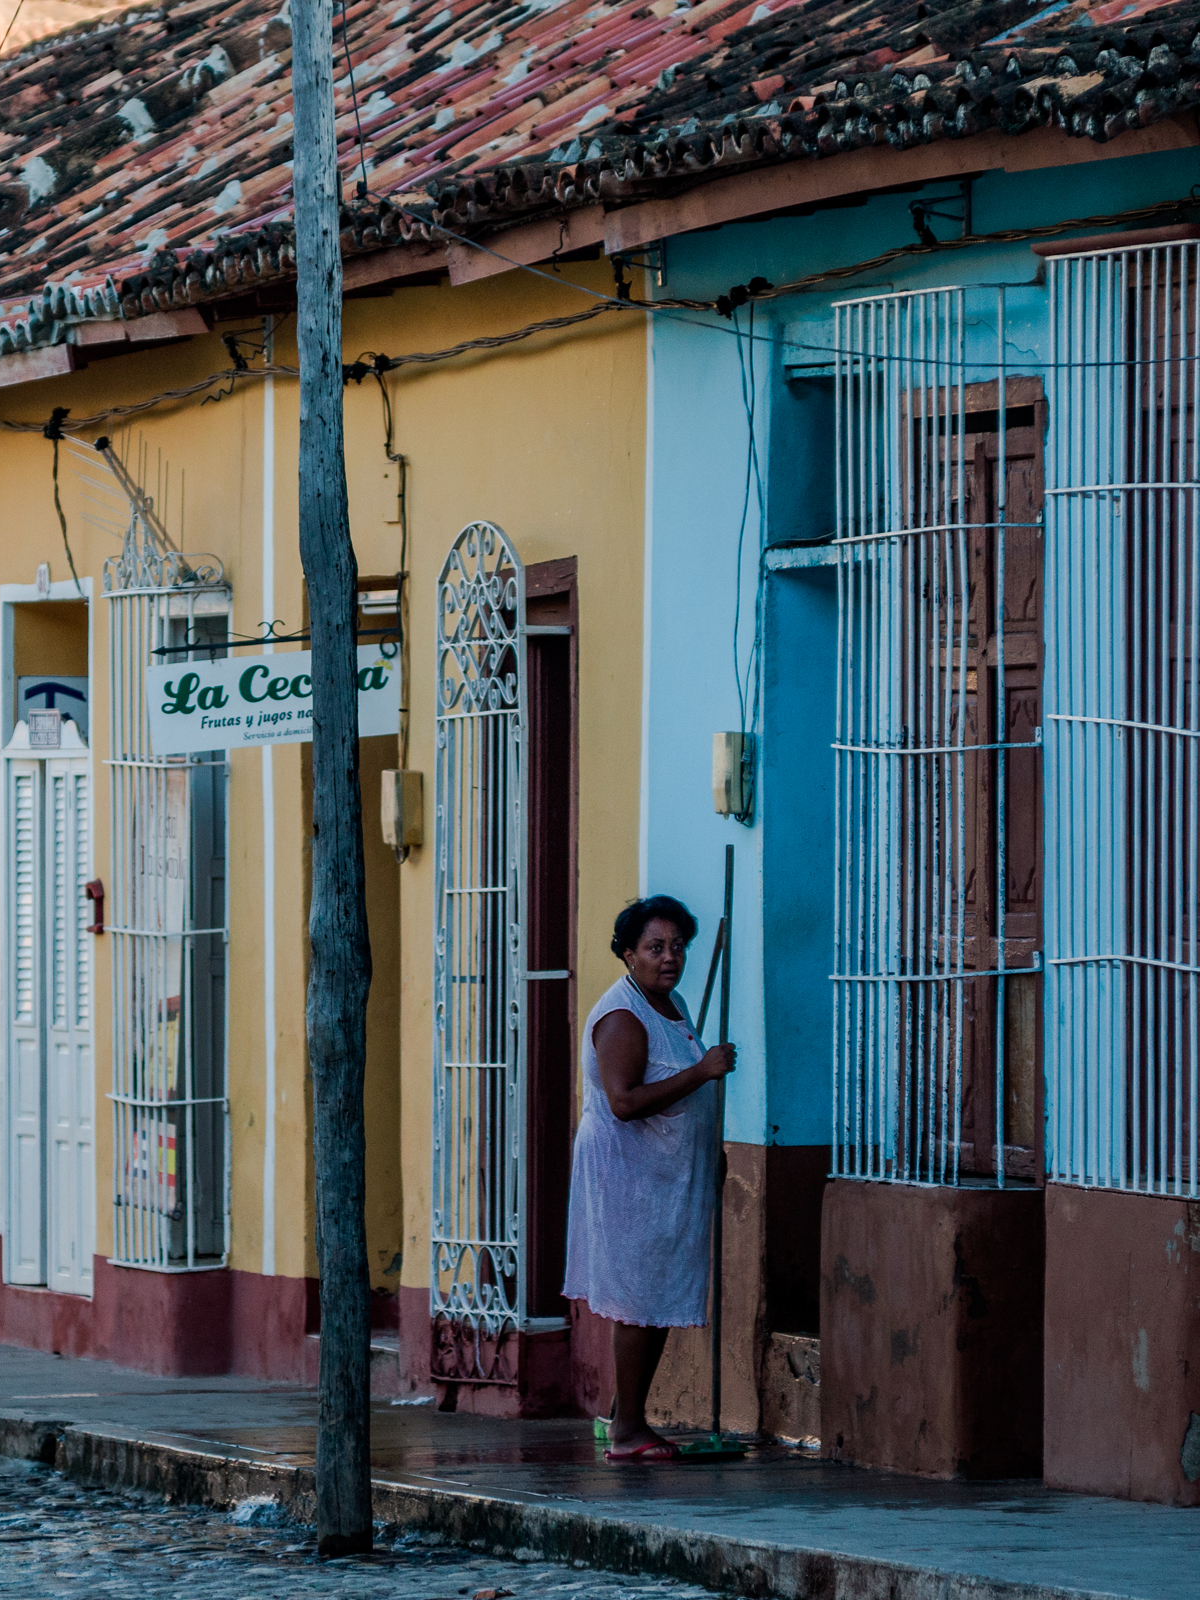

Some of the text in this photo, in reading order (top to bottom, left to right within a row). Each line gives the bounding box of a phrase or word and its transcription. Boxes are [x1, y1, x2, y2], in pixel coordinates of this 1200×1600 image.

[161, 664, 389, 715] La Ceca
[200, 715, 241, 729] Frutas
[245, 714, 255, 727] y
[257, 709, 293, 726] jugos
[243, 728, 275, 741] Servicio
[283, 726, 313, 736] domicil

******

The pictures are not part of the copy. Retype everything else in the entries exactly.

Solution to the problem
Some of the text in this photo, in reading order (top to bottom, left to right within a row). Each line gives the bounding box of a phrase or word and its transcription. Boxes are [x1, y1, x2, y2], in pixel coordinates of this 1200×1600 image.

[161, 664, 389, 715] La Ceca
[200, 715, 241, 729] Frutas
[245, 714, 255, 727] y
[257, 709, 293, 726] jugos
[243, 728, 275, 741] Servicio
[283, 726, 313, 736] domicil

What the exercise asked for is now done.